A research group is collecting data about how people play video games. They have set up a MineCraft server, and players' actions are recorded as they navigate through the world. For running this project, they need to target their recruitment efforts, and make sure they have enough resources to handle the number of players they attract. The purpose of our project is to provide an idea for this and use data analysis to prove whether this idea can effectively assist their recruitment.

Understanding how different player characteristics relate to gameplay experience is essential for designing engaging game environments and tailoring content to different player groups. In behavioral game analytics, experience level is often used as a proxy for proficiency, engagement, or familiarity with game mechanics. Identifying factors that correlate with experience level can help inform game balancing, player retention strategies, and the design of personalized player experiences.

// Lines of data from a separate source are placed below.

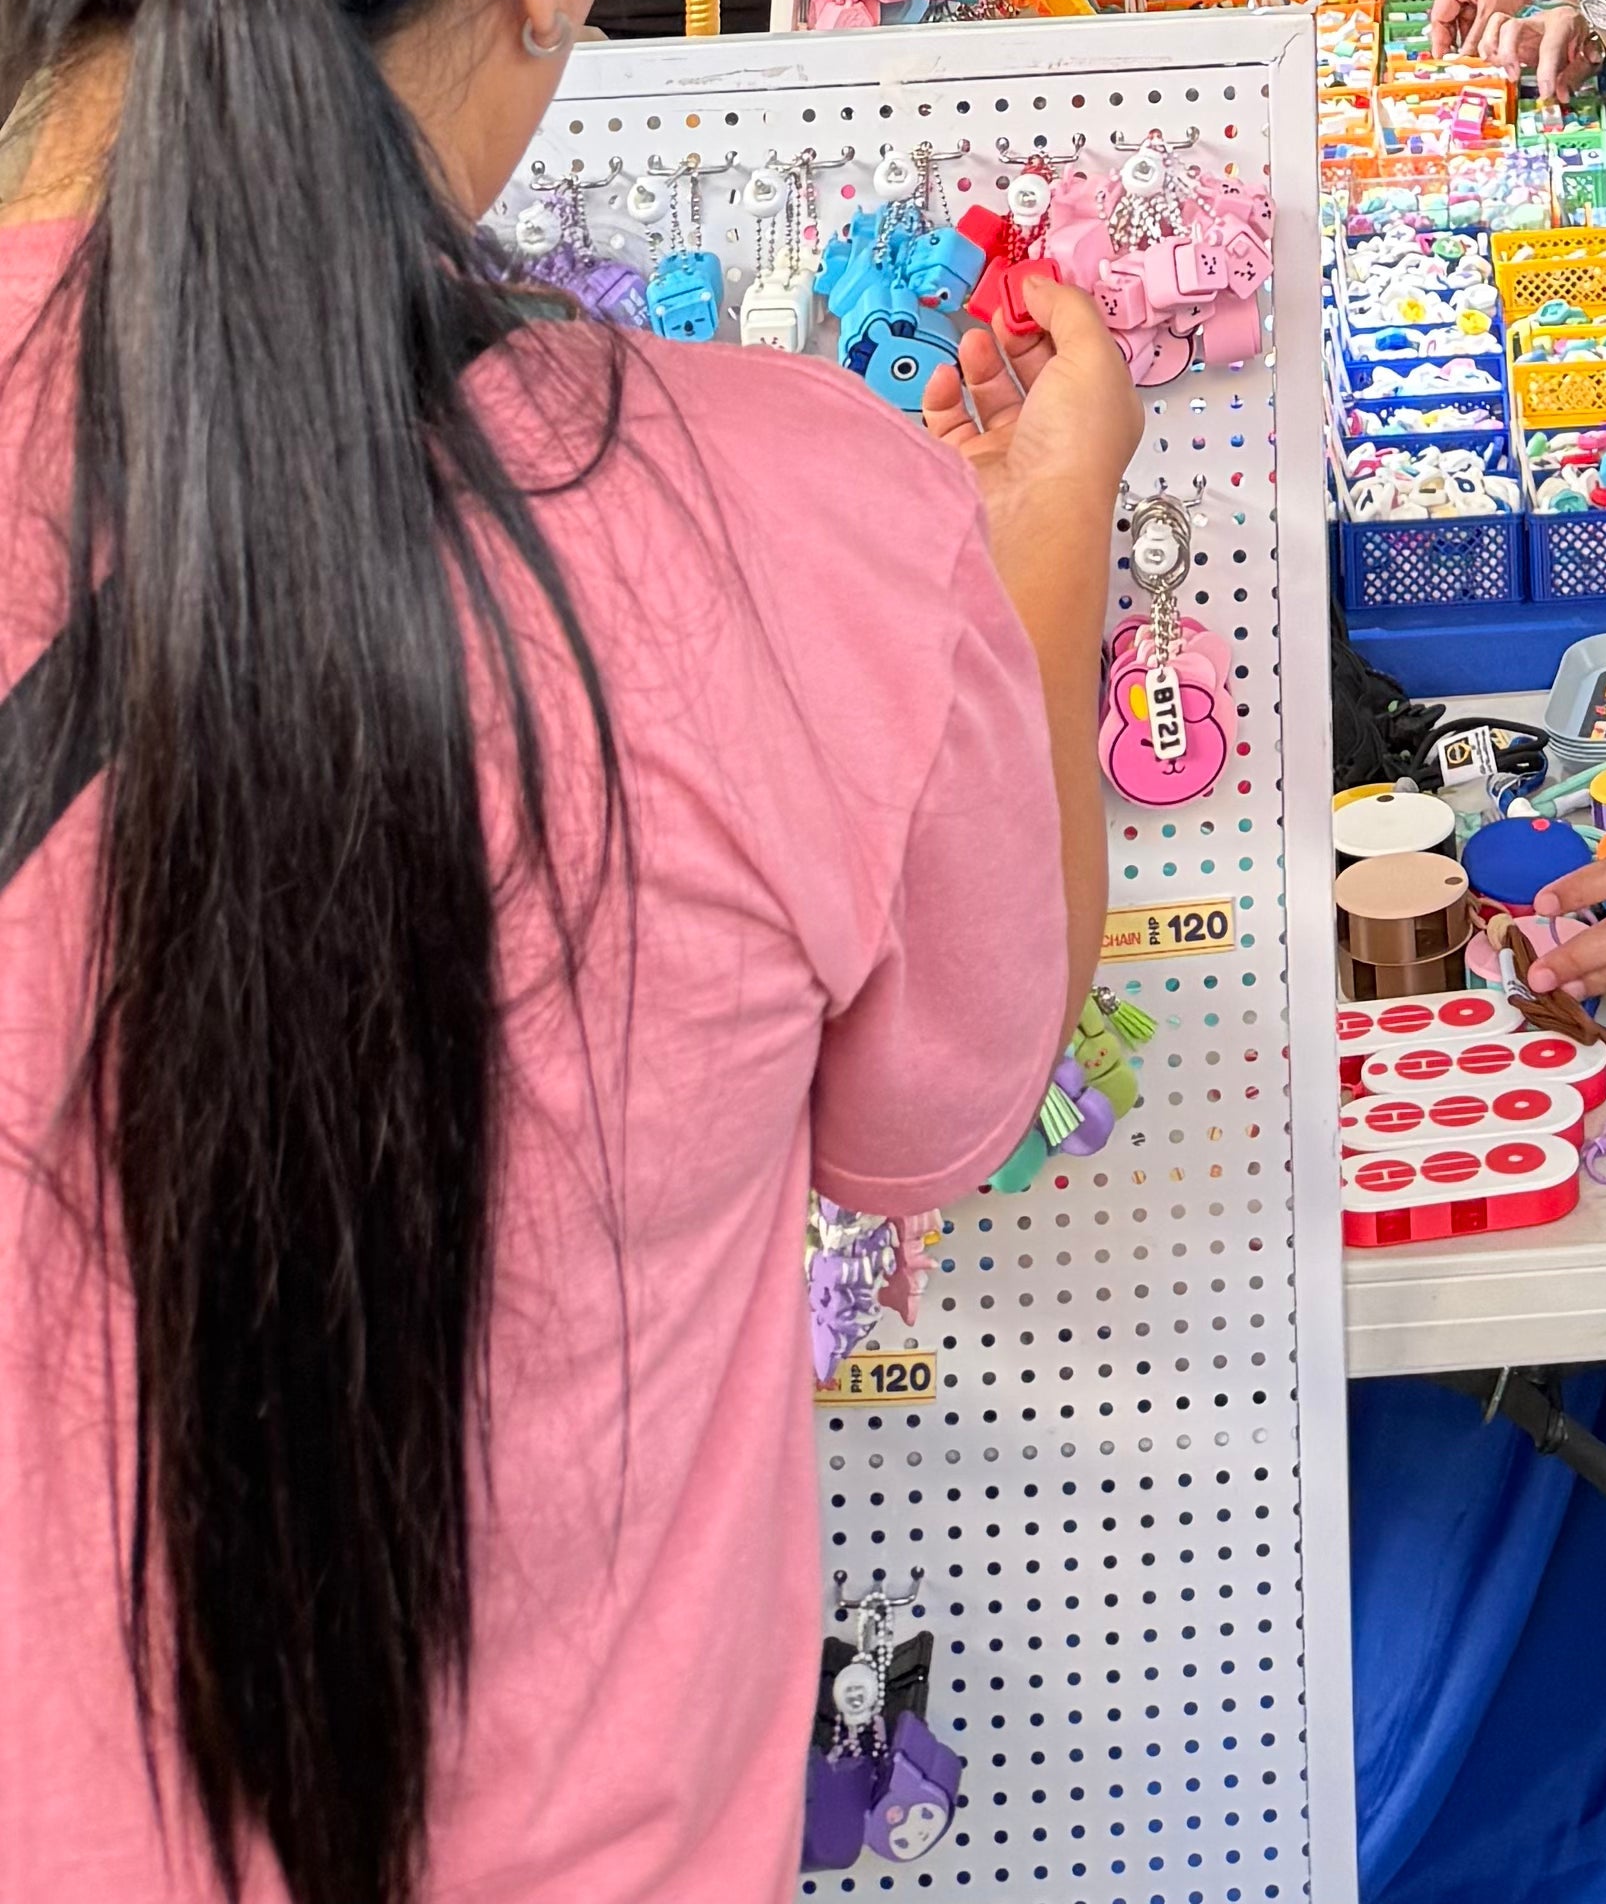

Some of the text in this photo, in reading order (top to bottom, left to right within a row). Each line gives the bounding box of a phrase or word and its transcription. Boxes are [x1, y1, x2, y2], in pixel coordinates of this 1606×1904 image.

[1154, 686, 1181, 751] BT21
[1101, 910, 1229, 948] CHAIN PHP 120
[851, 1364, 863, 1393] PHP
[870, 1362, 932, 1392] 120
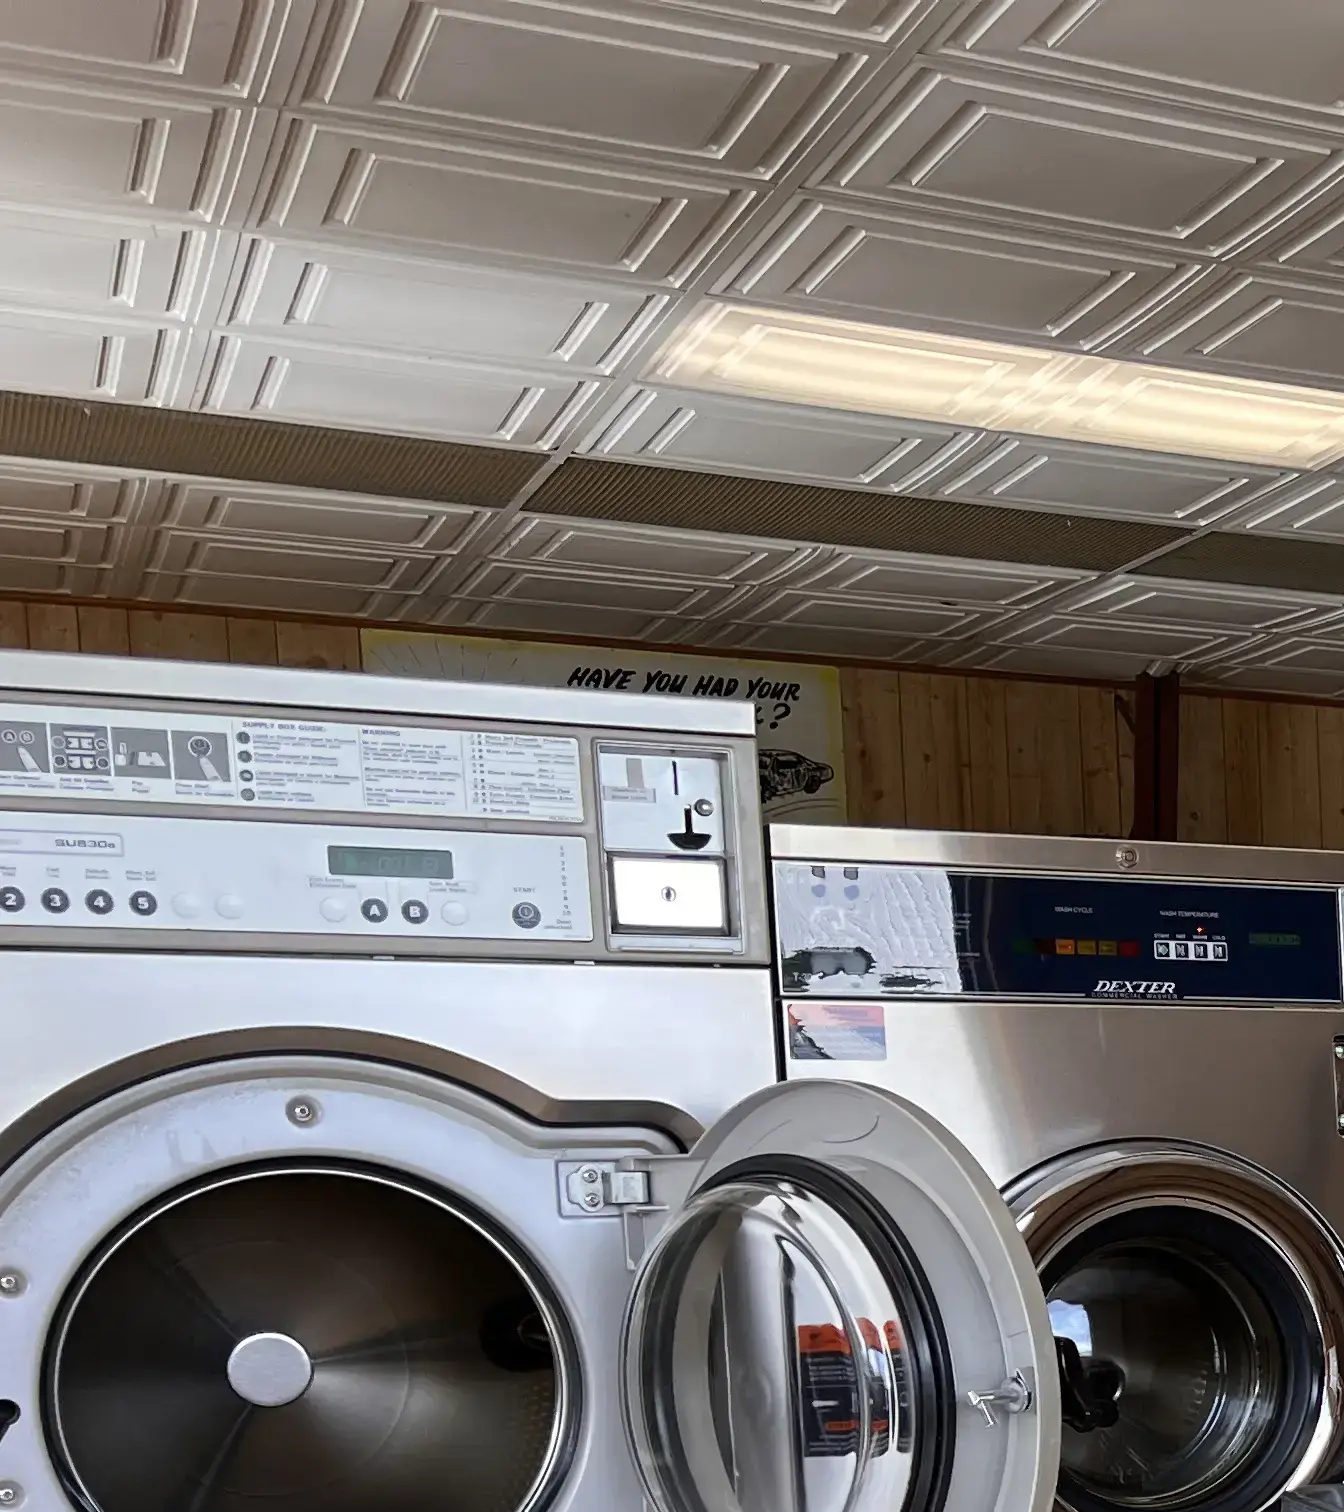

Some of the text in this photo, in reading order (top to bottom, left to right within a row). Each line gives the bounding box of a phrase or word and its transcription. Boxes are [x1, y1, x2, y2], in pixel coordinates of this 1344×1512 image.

[567, 667, 800, 701] HAVE YOU HAD YOUR
[4, 893, 17, 906] 2
[49, 894, 61, 907] 3
[93, 896, 105, 908] 4
[137, 897, 149, 909] 5
[369, 905, 381, 917] A
[409, 906, 421, 917] B
[1094, 980, 1176, 993] DEXTER

In this project, we analyze player information and gameplay behaviour using a data sources `players.csv`: a player dataset containing demographic variables. Our research question is:

**Does a player’s gender and total play time relate to their experience level?**

To answer this question, we examine whether total accumulated play time and gender distribution differ across experience groups. By summarizing and visualizing the relationships between these variables, we aim to uncover meaningful differences across player types.

#### Data Description
The files `players.csv` were collected by a research group in Computer Science at UBC, to help us complete our project. It contains 196 players' information and 7 variables columns:
- `experience` - Experience level
- `subscribe` - The subscription state of the player
- `hashedEmail` - The hashed email address of the player
- `played_hours` - Time the player spent on the game(in hours)
- `name` - Name
- `gender` - Gender
- `Age` - Age

⚠️ Learn to describe the variables in a markdown table! Helps cut down on word count and is easier to interpret.（I don't know whether this form is okay, if anyone figure out how to describe the variables in a markdown table, just feel free to change it!）

# Methods & Results

Reads the CSV files into data frames first. The summary confirms 196 players and 1,535 raw sessions as noted. 

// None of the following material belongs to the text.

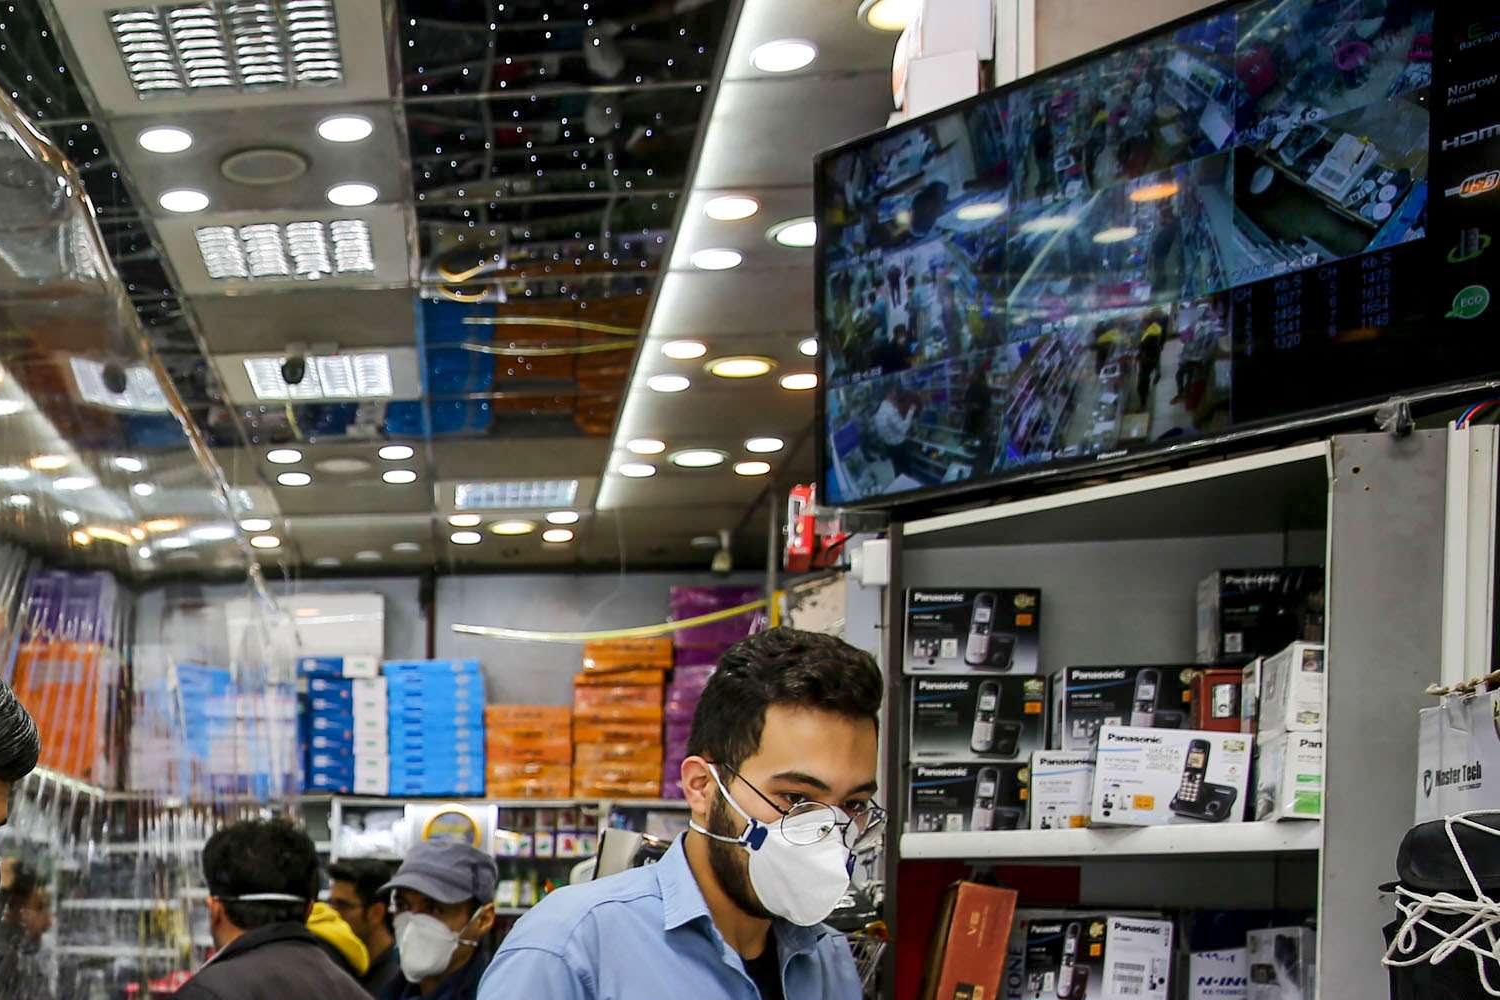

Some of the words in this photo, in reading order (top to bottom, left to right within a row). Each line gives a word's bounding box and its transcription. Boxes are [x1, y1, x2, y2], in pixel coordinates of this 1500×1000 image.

**1. Wrangling + Cleaning**

The players table contains demographic and experience-related attributes describing each user. Variables such as experience and gender are categorical. To ensure proper treatment in grouping, plotting, or modeling, these fields were converted into factor types using **as_factor()**.

In [18]:
#Tidy players data
players_tidy <- players |>
  mutate(
    experience = as_factor(experience),
    gender = as_factor(gender)
  )
head(players_tidy)

experience,subscribe,hashedEmail,played_hours,name,gender,Age
<fct>,<lgl>,<chr>,<dbl>,<chr>,<fct>,<dbl>
Pro,True,f6daba428a5e19a3d47574858c13550499be23603422e6a0ee9728f8b53e192d,30.3,Morgan,Male,9
Veteran,True,f3c813577c458ba0dfef80996f8f32c93b6e8af1fa939732842f2312358a88e9,3.8,Christian,Male,17
Veteran,False,b674dd7ee0d24096d1c019615ce4d12b20fcbff12d79d3c5a9d2118eb7ccbb28,0.0,Blake,Male,17
Amateur,True,23fe711e0e3b77f1da7aa221ab1192afe21648d47d2b4fa7a5a659ff443a0eb5,0.7,Flora,Female,21
Regular,True,7dc01f10bf20671ecfccdac23812b1b415acd42c2147cb0af4d48fcce2420f3e,0.1,Kylie,Male,21
Amateur,True,f58aad5996a435f16b0284a3b267f973f9af99e7a89bee0430055a44fa92f977,0.0,Adrian,Female,17


For the player data set, we also need to compute the mean of each numeric variable. This helps identify overall trends in player attributes such as age and playtime. Then explore playtime differences by subscription status: subscription type may correlate with play intensity or session frequency. 

In [19]:
#Calculate players mean
player_means <- players_tidy |>
  summarize(across(where(is.numeric), mean, na.rm = TRUE)) |>
  pivot_longer(cols = everything(),
               names_to = "Variable",
               values_to = "Mean")
player_means

Variable,Mean
<chr>,<dbl>
played_hours,5.845918
Age,21.139175


**2. Summary of the data set which is relevant for exploratory data analysis related to the planned analysis**

Our research question focuses on whether a player’s **gender** and **total play time** are related to their **experience level**. Because all three variables (gender, experience, total play time) are player-level characteristics, we must first convert the players dataset—which contains one row per game session—into a dataset where **each row represents exactly one player**.
This requires aggregating all sessions belonging to the same player into a single summarized record. Session-level data cannot be used directly for comparing players because:

1. **Multiple observations per player** cause statistical dependence and would artificially inflate sample size.
2. **Experience level and gender** are properties of the player, not individual sessions.
3. To compare total play time across experience groups, we need each player to have:
   - total time spent playing,
   - number of sessions,
   - average session duration,
   - and median session duration (a robust measure unaffected by extreme values).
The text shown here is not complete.